🏛️ Twain’s Gazette of the Absurd
The Architecture of Memory
💬 Dear Citizens Twain,
The world is absurd enough to make even Mark Twain blush. Every headline clangs like a cracked bell—equal parts comedy and tragedy—and yet, somehow, we keep moving forward.
I’m proud of you, America.
We showed them we’re watching.
Accountability doesn’t rest on one person; it’s built into the architecture of the whole system.
That’s what we explore together here—as Citizens Twain: not just personalities, but the blueprints of power.
📚 A Republic Worth Studying
I’m working on a small-format series of booklets that subscribers will receive first.
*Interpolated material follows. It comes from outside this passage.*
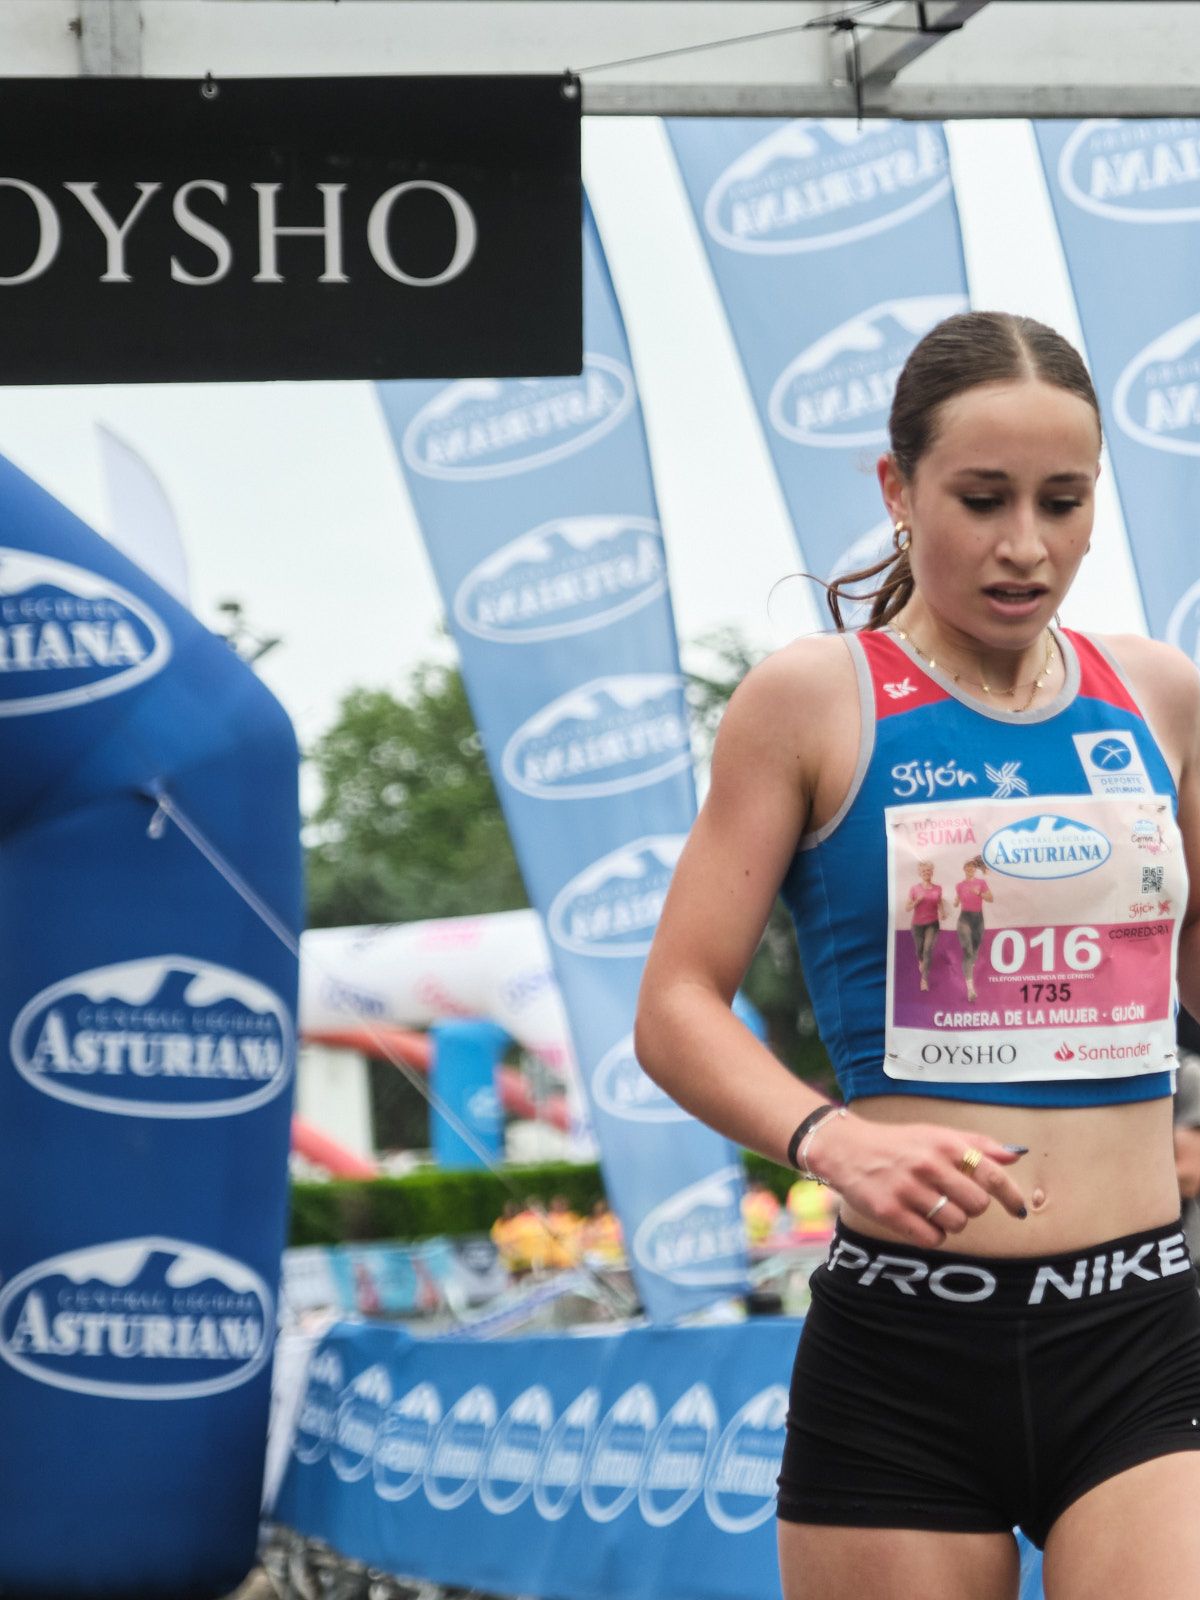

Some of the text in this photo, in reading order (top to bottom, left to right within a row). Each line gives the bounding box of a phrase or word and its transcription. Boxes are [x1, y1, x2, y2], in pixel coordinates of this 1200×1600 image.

They’re meant to re-introduce young readers—and the rest of us—to the civic architecture of this country: the structural poetry of checks and balances, the beauty of ethics, and the artistry of good government.
We once taught those things.
Then the 1980s arrived, and our public intellect was quietly dismantled—no more civics, no more ethics, no more art. By the time they were finished, they didn’t even teach cursive.
When I was a middle-school girl, I couldn’t wait to reach high school so I could study Civics and Ethics. I came from a long line of civil-rights warriors, born in the segregated South where signs told me where I could sit, where I could go, and when I’d better be home.
A five-year-old girl couldn’t even take ballet lessons in her own town.
🎭 Excerpt from “Kimberly’s Room” (A One-Woman Play)
I remember vividly being five years old, watching ballerinas on television. Every little girl wants to be one. I told my mother.
She must have known what was coming. She searched for a teacher who would take us, but in that little southern town there were none—not at any reasonable distance. My mother didn’t drive, yet she tried. Our family had found piano teachers thirty miles away in Monroe, Louisiana, where Cousin Georgia Mae drove me every Saturday morning. But there were no Black ballet schools nearby. Finally, Mama said, “There are no Black ballet schools where you can go, my darling.”
I was hurt and didn’t understand. “I wish I was white!” I cried. It must have cut her to the quick.
That night she pulled out our family’s history books—tales of great-great-Grandma founding a country school for Black children at the turn of the century, and great-great-Grandpa Jasper riding a horse from town to town teaching, at the peril of his life. “We are the lucky ones,” she said. “We fought Jim Crow and survived without lynching. We don’t need to be verified by them. We don’t need to be justified by their gaze. We must gaze at ourselves and love ourselves.”
Then she bought my sister and me little ballerina costumes—mine blue, hers yellow—and we danced around the house in our tights and ballerina slippers
pretending to be in Swan Lake. We knew exactly who we were. The tragedy wasn’t ours; it was theirs—for missing our brilliance.
🪶 Civic Epilogue
That’s what the coming Twainian Civics Series is about: remembering what was built, who built it, and why it’s worth restoring.
Because architecture—of cities, of nations, of the soul—can be rebuilt once people remember the plan.
🧭 Twain’s Gazette of the Absurd
“Where the blueprint still matters.”





Bravo Kimberly
So proud of you for what you are doing and writing about.
This is such a challenging time and it needs powerful voices like yours to tell it like it is and to refocus on how to get back to our better days.